El alma libre y pura de Bolívar, que a raíz de la muerte de su esposa, María Teresa de Toro, decidió no volver a casarse, dedicándose con toda su energía a la libertad del continente americano, no podía perdonar al corso Bonaparte, grande, sin embargo, por tantos conceptos, su vanidad de fundar imperios o monarquías en los que se perpetuase su apellido, por encima del triunfo de los ideales revolucionarios. Al año siguiente, en Italia, presencia el espectáculo de la gran parada de Milán en la que las tropas francesas victoriosas desfilan por delante del emperador de los franceses y rey de Italia -la de los Bonaparte-, sojuzgada por su propio hijo, y el acontecimiento provoca náuseas y odio en el alma ingenua del Libertador, incapaz de egoísmos e impurezas semejantes. Poco tiempo después, encontrándose en Roma y en ocasión de contemplar sus ruinas desde el monte Aventino, el espíritu romántico de Bolívar encuentra motivo para exaltarse ante la opresión de los pueblos, y en explosión magnífica jura no darse reposo hasta conseguir la libertad del suyo. La vista de las grandezas pasadas y presentes no le lleva hacia el fácil camino de tomar ejemplo de los césares, o del emperador de los franceses que decía de sí mismo: «Yo soy un emperador romano, de la mejor raza de los césares.» No, cada vez se arraigan más en él el ansia de libertar a las gentes sojuzgadas y su ideario democrático. No piensa   —148→   en su grandeza, sino en la de su pueblo, y a esa sublime tarea se entrega con desinterés de gran enamorado, capaz de todo sacrificio, sin pedir nada en cambio.

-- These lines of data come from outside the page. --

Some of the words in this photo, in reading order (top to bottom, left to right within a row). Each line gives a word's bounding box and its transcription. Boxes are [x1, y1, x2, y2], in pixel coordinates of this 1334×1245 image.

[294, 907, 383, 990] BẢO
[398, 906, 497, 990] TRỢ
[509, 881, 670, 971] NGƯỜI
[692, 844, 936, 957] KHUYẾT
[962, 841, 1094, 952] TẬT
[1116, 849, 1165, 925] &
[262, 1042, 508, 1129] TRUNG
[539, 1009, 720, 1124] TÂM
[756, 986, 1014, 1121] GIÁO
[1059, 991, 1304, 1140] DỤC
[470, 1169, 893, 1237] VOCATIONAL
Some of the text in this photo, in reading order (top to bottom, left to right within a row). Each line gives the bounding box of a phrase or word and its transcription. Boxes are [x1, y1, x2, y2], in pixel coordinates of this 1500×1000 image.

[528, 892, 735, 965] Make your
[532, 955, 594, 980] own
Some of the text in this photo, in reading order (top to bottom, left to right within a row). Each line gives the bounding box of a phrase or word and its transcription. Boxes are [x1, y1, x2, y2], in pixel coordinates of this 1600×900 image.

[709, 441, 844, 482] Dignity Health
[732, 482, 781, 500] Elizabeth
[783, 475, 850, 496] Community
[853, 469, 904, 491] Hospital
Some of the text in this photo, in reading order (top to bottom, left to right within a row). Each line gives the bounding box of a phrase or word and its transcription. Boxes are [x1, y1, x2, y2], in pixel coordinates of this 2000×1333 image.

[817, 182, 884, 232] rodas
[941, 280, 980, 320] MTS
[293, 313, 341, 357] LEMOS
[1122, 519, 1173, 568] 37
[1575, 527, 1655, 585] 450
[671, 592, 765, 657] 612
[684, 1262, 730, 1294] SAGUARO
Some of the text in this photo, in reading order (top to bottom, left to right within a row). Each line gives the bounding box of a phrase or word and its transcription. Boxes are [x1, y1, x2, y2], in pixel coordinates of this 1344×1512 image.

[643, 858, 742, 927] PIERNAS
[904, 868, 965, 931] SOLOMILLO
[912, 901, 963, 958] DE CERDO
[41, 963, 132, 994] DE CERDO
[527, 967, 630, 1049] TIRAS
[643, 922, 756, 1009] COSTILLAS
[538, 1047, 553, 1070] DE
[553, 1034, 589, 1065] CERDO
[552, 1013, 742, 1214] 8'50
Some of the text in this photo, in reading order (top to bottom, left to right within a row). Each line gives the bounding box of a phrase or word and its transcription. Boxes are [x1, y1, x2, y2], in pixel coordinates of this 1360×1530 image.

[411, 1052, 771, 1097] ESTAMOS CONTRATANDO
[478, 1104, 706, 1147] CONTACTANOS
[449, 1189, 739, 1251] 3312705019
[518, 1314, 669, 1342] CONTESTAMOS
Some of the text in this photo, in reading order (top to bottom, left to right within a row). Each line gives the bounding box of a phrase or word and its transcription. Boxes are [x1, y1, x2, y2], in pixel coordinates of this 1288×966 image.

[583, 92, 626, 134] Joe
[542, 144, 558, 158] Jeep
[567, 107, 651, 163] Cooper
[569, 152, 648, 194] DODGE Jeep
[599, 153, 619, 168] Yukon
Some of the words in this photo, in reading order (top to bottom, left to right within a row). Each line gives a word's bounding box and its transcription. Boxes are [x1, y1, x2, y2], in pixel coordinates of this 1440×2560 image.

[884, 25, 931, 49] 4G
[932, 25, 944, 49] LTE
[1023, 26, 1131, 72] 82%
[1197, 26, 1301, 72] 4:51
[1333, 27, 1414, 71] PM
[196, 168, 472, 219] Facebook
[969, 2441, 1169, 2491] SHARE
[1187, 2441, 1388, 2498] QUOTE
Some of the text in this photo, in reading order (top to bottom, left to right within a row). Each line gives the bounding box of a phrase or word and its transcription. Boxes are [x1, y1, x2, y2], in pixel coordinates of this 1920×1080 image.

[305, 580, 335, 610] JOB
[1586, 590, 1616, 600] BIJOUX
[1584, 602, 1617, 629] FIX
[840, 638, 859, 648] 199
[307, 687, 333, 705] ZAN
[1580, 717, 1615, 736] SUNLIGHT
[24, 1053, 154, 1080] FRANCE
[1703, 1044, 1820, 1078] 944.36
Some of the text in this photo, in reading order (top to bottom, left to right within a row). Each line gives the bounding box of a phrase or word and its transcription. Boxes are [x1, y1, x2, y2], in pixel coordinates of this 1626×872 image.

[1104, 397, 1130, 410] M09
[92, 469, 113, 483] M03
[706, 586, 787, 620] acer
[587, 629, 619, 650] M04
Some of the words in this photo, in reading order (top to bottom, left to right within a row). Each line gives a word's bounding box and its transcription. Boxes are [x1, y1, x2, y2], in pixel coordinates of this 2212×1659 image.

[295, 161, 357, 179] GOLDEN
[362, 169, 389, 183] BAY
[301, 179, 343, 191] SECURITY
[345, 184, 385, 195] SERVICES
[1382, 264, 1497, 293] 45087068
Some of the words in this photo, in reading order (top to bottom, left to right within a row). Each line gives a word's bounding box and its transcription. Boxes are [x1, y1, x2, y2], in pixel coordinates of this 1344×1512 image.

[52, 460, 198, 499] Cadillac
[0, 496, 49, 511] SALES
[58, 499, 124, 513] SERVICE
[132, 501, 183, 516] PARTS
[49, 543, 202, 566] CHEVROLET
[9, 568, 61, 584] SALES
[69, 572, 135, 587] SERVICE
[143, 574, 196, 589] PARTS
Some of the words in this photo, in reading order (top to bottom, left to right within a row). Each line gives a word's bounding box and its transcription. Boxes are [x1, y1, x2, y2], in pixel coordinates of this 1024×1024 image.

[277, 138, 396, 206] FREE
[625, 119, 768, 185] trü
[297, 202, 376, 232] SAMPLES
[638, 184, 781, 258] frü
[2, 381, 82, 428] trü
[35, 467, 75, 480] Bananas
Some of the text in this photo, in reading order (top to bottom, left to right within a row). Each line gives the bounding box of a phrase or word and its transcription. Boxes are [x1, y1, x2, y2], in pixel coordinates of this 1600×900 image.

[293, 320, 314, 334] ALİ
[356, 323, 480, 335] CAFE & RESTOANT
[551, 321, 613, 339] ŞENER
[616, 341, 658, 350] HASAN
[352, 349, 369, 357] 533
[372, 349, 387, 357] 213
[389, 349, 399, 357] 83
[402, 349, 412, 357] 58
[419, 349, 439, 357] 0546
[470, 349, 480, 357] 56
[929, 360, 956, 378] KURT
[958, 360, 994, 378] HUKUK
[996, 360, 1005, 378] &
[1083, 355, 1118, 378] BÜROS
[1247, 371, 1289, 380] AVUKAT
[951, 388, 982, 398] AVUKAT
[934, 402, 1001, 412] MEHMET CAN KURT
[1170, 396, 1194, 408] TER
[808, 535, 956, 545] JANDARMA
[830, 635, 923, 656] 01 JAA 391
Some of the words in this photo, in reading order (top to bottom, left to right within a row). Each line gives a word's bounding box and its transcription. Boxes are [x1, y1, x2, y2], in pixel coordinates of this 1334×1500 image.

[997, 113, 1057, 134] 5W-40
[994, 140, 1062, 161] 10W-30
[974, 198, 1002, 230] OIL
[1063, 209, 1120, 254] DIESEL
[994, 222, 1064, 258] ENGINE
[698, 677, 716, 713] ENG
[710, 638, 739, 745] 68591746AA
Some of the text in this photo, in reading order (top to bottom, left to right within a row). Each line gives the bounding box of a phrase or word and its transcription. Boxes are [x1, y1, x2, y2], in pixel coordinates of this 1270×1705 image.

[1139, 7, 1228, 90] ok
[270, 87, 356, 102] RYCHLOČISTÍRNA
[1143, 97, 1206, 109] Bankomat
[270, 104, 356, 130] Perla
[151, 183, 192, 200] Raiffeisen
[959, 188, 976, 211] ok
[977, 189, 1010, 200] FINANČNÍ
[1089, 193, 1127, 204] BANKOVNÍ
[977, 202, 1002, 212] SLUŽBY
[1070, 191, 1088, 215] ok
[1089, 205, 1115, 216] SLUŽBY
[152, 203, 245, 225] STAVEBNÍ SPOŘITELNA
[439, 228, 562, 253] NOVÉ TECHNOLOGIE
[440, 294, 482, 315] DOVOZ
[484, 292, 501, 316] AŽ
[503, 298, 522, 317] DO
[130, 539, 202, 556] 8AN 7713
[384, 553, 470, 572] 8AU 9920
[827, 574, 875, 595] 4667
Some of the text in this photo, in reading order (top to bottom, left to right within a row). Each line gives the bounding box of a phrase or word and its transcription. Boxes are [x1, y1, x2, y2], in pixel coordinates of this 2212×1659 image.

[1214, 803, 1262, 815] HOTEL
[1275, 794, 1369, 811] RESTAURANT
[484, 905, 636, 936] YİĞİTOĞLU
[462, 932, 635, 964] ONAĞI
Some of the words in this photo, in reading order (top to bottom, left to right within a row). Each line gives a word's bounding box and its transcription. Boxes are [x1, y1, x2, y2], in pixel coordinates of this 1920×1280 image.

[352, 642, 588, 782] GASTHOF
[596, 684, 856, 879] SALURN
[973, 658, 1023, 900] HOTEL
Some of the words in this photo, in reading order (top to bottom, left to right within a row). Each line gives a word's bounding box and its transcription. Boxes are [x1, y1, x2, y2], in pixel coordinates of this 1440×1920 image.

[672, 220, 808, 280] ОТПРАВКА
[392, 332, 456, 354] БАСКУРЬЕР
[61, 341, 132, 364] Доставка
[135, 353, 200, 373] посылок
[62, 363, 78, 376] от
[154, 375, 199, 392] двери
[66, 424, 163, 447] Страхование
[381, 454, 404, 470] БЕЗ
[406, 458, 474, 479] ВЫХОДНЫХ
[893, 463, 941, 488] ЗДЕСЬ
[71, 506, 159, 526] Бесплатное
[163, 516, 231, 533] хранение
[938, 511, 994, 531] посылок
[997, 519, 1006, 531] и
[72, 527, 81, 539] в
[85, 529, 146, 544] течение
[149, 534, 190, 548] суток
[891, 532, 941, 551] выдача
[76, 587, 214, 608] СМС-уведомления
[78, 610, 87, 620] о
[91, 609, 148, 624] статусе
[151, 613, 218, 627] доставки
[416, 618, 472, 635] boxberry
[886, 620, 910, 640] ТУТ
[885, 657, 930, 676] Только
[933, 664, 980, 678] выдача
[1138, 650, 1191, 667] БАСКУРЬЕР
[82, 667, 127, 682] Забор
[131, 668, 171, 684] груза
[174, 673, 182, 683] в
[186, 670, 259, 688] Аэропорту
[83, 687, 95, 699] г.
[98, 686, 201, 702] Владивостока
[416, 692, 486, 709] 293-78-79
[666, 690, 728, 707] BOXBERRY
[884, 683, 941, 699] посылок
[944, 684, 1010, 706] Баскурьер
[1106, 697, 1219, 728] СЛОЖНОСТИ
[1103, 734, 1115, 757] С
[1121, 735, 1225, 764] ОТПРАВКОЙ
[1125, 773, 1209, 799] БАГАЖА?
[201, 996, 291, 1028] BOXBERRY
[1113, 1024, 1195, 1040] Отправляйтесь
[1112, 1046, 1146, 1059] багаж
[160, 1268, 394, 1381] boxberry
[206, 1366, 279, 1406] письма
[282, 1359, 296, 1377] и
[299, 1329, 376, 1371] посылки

Las dos frases de Napoleón: «Yo nací cuando la patria moría» y «Yo soy un emperador romano, de la mejor raza de los césares», definen con suficiente claridad el impulso egolátrico del soldado condotiero contra el que había de concitarse el mundo entero para evitar que en su impulso irrefrenable sometiera a vasallaje las coronas imperiales o reales que se alzaban en el mapa político europeo de los comienzos de la decimonona centuria, aun cuando hay que decir, en honor del emperador de Francia, que la mayor parte de los pueblos salían ganando con la legislación que seguía a los granaderos y a la guardia en sus conquistas, pues entre el régimen despótico de muchas de aquellas coronas y el sentido humano de las leyes napoleónicas imbuidas de los principios de la Revolución francesa, había una notable diferencia en favor del Derecho francés. El republicanismo de Bolívar se aferra y se exalta a medida que se adentra en la realización de su ideal y las dificultades se aparecen como insuperables. «Los intereses reales de una república -dice en la famosa carta de Jamaica, escrita en los dolorosísimos momentos de su destierro de 1815 en aquella isla-, están circunscritos a la esfera de su propia conservación, prosperidad y gloria. No siendo la libertad imperialista, puesto que es opuesta a los imperios, ningún impulso mueve a los republicanos a dilatar las fronteras de su país, injuriando a su propio centro, con el solo objeto de dar a sus vecinos una constitución liberal. Ningún derecho ni ventaja se sacan de conquistarlos, a no ser que los reduzcan a colonias, territorios conquistados o aliados, siguiendo el ejemplo de Roma.» Y más tarde le dice al Congreso de Angostura: «La continuación de la autoridad en un solo individuo fue con frecuencia la ruina de los gobiernos democráticos. Las elecciones repetidas son cosa esencial en los sistemas populares, porque nada hay tan peligroso como permitirle a un ciudadano que permanezca largo tiempo   —149→   en el poder. Acostúmbrase el pueblo a obedecerle y él a mandarle, de donde resulta usurpación y tiranía.»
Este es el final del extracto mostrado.